A Timey-Wimey Post
I think the “timey-wimey” phrase is from Doctor Who, one of my favourite television shows (about which I like to complain that the stories don’t always make sense). Time fascinates me, probably because I am so very bad at managing it.
My good time-sense is only connected to acting jobs. For me, as a performer, the half-hour dressing-room call has always been forty-five minutes and, as an audience member, I need to be in a theatre in good time to order an interval drink, buy a programme, read the programme to see who I might recognise (see prosopagnosia blog to come later this week) and also to look around the auditorium to see if there’s anyone familiar; such as my husband sitting next to me!
I am never late for auditions (a common dictum is that being on time for a casting is actually being late) and of course, I am rarely late for rehearsals.
Ah, there you have it. The word “rarely” crept in, didn’t it?
There’s no point in writing a personal blog if I am not to be honest.
I was not on time once when rehearsing in the wilds of South London in May. British Rail, or whatever it is called nowadays, (Southern?) decided not to have any information as to which platform my train to Loughborough Junction was to appear upon. I will never, ever, ever go to Elephant and Castle main-line station again. It is a totally illogical place. Up and down those dratted stairs I went until I reached screaming pitch. The destination boards were out of order and the so-called station staff obtuse.
However, I did telephone the stage manager to explain that I might not be on time.
The thing is, that as the rehearsal started at 10 am, being an optimist, I did not consider myself technically late even at 9:56 am despite being over six miles away.
I consider “late” to be when you are not there at a specific time and that I can’t be late if that time has not been reached in a clock-wise sense.
Which brings me back to wanting a timey-wimey thing.
Or is it the beam-me-up gadget thingummy they have in Star Trek that I need?
Last month there was a short story competition I intended to enter. The closing date was 31st October.

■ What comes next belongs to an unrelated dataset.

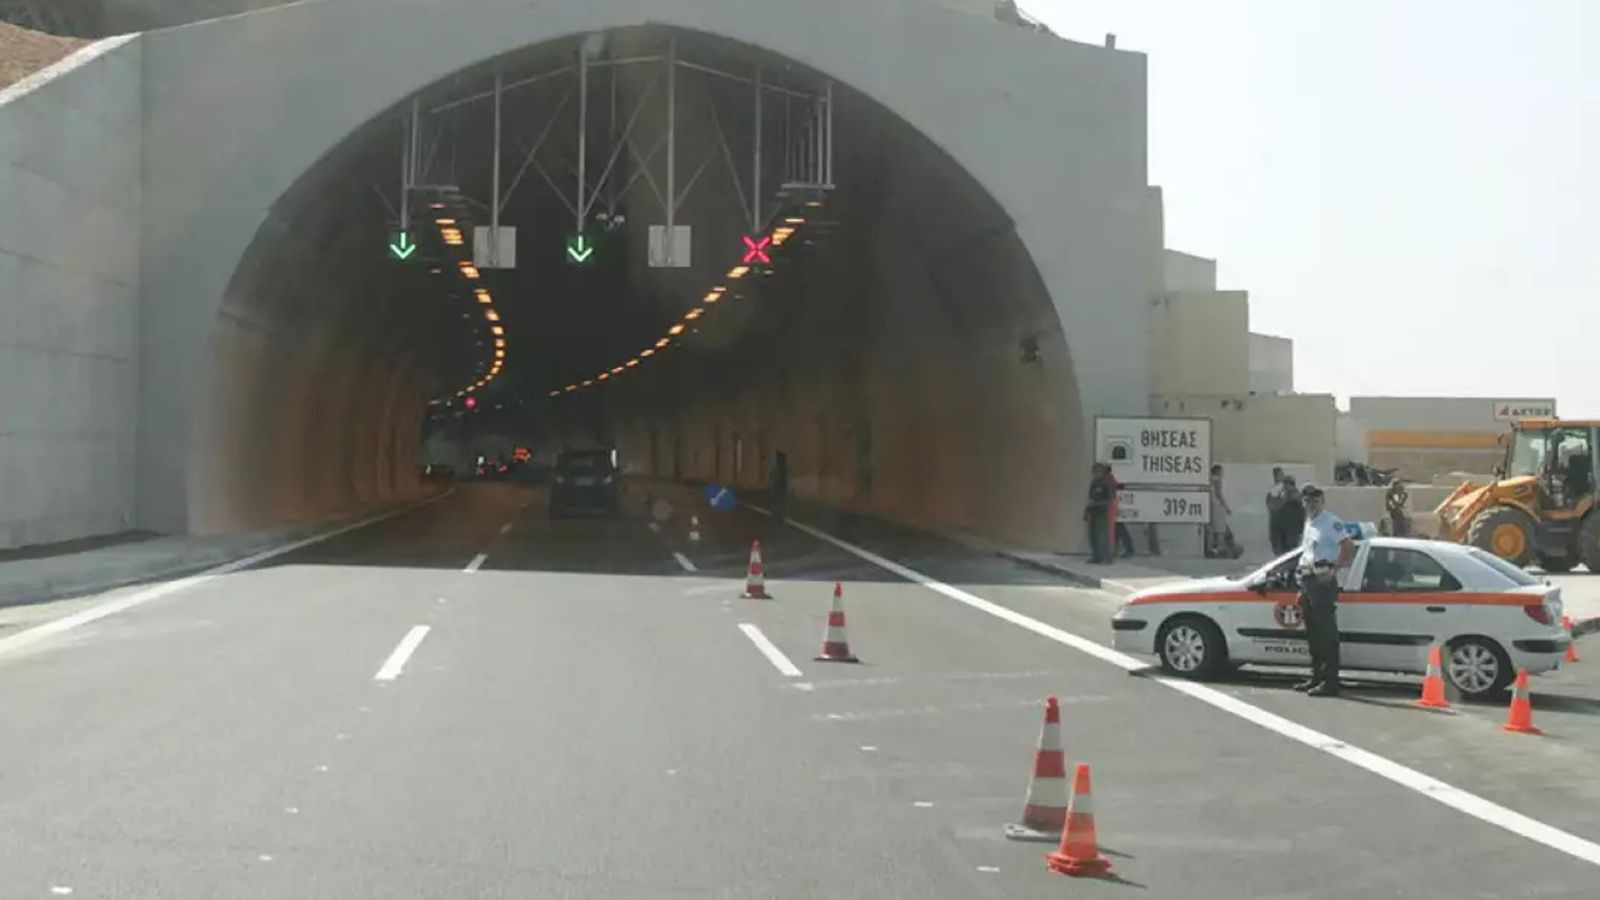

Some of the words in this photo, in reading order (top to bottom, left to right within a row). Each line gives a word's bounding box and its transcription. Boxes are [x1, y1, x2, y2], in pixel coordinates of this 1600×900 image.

I had a great idea or two and by the six weeks prior I had decided to definitely write said story. One or two things happened to distract me but the first few paragraphs were written and all I needed to do was to come up with a suitable ending. Suddenly it was two days before deadline, then one day and then five hours and the blasted thing still not finished.
Never mind, I thought, pull an all-nighter and it will be done.
Except it wasn’t and I didn’t.
The irony is that the theme was “Time” – my special subject, so to speak.
It was a great story starting off with a child saying, “How many sleeps til Daddy comes home?” It would have transpired that Daddy is “doing time”.
If only I had found the time to finish the story, trust me, you would have been very moved.